Ein erster Komplex von „Minsk II“ umfasst einen Waffenstillstand und den Abzug aller schweren Waffen von beiden Seiten unter Kontrolle der OSZE. Dieser Waffenstillstand hat zu einem Nachlassen der ukrainischen Angriffe auf Städte im Donbass geführt. Einen vollständigen Waffenstillstand hat es jedoch nie gegeben. Immer noch beschießt die Armee Wohngebiete und öffentliche Einrichtungen – auch zu Zeitpunkten, zu denen in Minsk vereinbarte Reparaturen in der Nähe der Front durchgeführt werden.
Einmal abgezogene Waffen der ukrainischen Streitkräfte bleiben nicht an den Abzugsorten. Dies geht selbst aus den OSZE-Berichten hervor, obwohl die OSZE in vielen Fällen ukrainische Angriffe und Provokationen ignoriert. Besonders deutlich wurde das bei der Besetzung von acht Ortschaften in der Pufferzone durch ukrainische Truppen im Januar 2016.

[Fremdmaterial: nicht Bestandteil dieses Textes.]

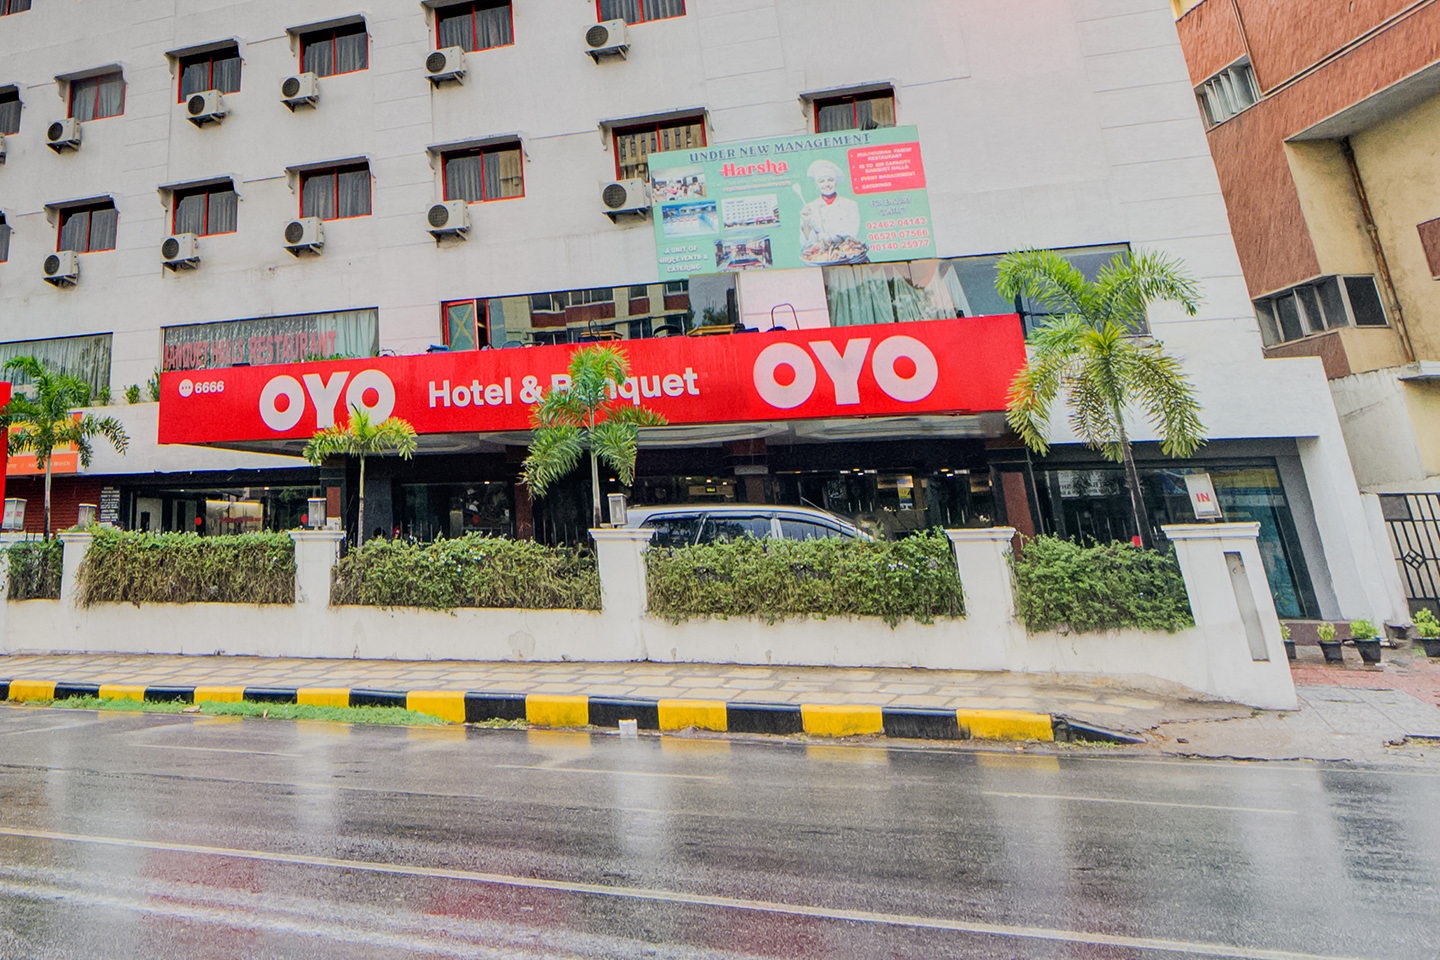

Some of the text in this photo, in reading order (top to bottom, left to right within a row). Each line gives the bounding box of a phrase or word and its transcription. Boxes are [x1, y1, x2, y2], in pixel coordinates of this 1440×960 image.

Ein zweiter Komplex umfasst die politische Regelung des Konflikts: Eine neue ukrainische Verfassung mit weitreichender Dezentralisierung. Diese Verfassung soll dauerhaft festschreiben, dass der Donbass weitreichende Rechte zur Selbstverwaltung erhält – einschließlich eigener bewaffneter Strukturen, die nicht der Zentralregierung unterstehen. Außerdem sieht das Abkommen vor, das Verfahren für Kommunalwahlen in den Gebieten der Volksrepubliken neu zu regeln. Entscheidend ist, dass diese Regelungen zwar von der Obersten Rada, dem Parlament der Ukraine, beschlossen, jedoch mit den Vertretern der Volksrepubliken abgestimmt werden müssen. Der Maßnahmenkatalog zur Umsetzung der Minsker Vereinbarung schreibt also einen unmittelbaren Dialog zwischen Kiew und den Volksrepubliken zwingend vor, der im Rahmen einer Kontaktgruppe in Minsk stattfindet. Bisher gibt es zahlreiche Vorschläge der Volksrepubliken für Gesetze und Verfassungsänderungen, die bereits angesetzten Kommunalwahlen wurden verschoben, um den Verhandlungsprozess nicht zu behindern. Kiew ist jedoch nicht bereit in eine Diskussion darüber einzutreten. Die Regierung hat stattdessen ohne Dialog versucht, Beschlüsse in der Rada zu fassen, die für die Volksrepubliken nicht akzeptabel gewesen wären. Verhindert wurden diese Beschlüsse durch nationalistische Kräfte, die ein noch härteres Vorgehen gegen die Volksrepubliken verlangen. Umgekehrt fordert Kiew die Kontrolle über die Grenze zwischen der Ostukraine und Russland. Das wäre aber erst der letzte Schritt, nachdem alle anderen Teile des Minsker Prozesses abgeschlossen sind.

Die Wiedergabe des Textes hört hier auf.